Start of RECORDS PROVIDED

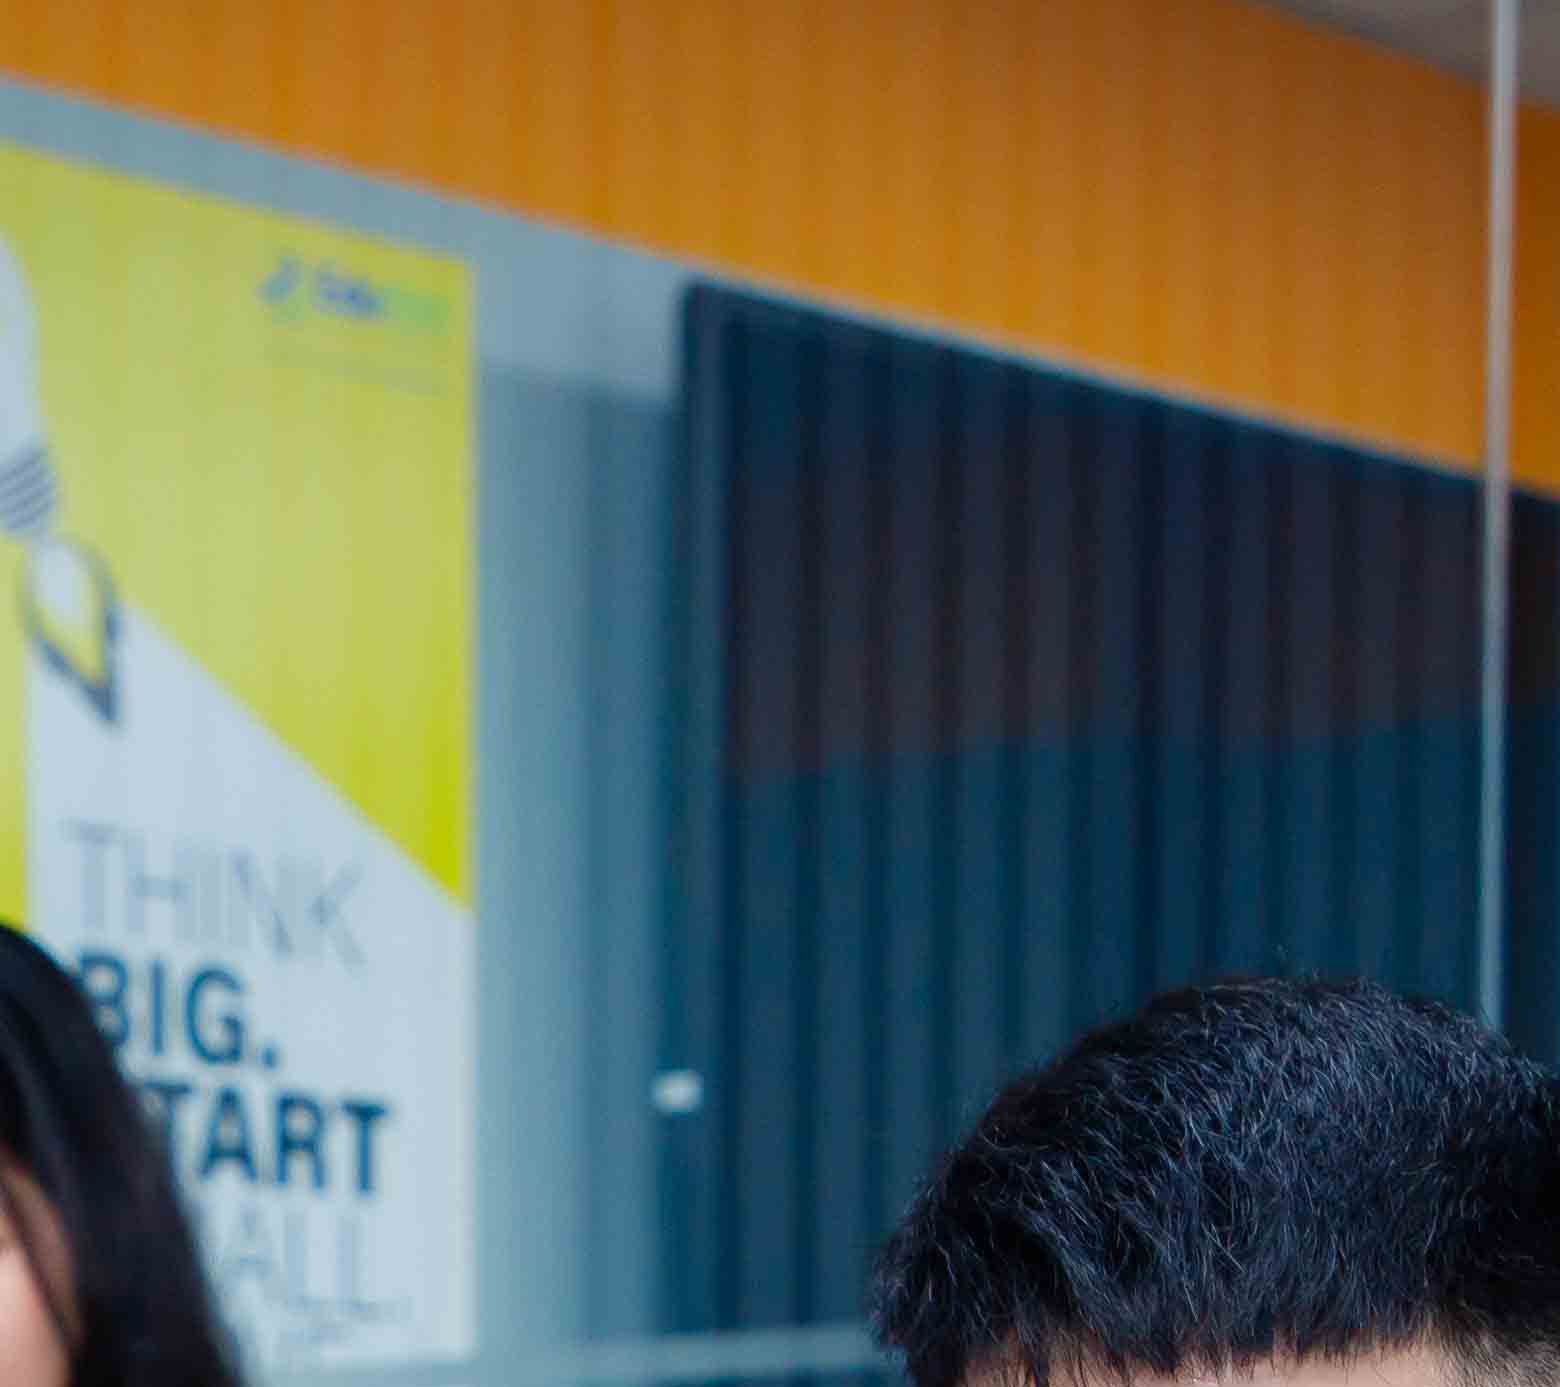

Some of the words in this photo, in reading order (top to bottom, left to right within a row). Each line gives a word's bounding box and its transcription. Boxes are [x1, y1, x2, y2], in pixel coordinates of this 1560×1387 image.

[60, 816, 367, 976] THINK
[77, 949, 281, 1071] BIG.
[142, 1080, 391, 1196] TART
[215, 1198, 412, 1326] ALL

End of RECORDS PROVIDED

→ **EXERCISE DIRECTIONS**
Without the pictures, repeat every record above exactly as written.

→ **RESPONSE AREA**
Some of the words in this photo, in reading order (top to bottom, left to right within a row). Each line gives a word's bounding box and its transcription. Boxes are [x1, y1, x2, y2], in pixel coordinates of this 1560×1387 image.

[60, 816, 367, 976] THINK
[77, 949, 281, 1071] BIG.
[142, 1080, 391, 1196] TART
[215, 1198, 412, 1326] ALL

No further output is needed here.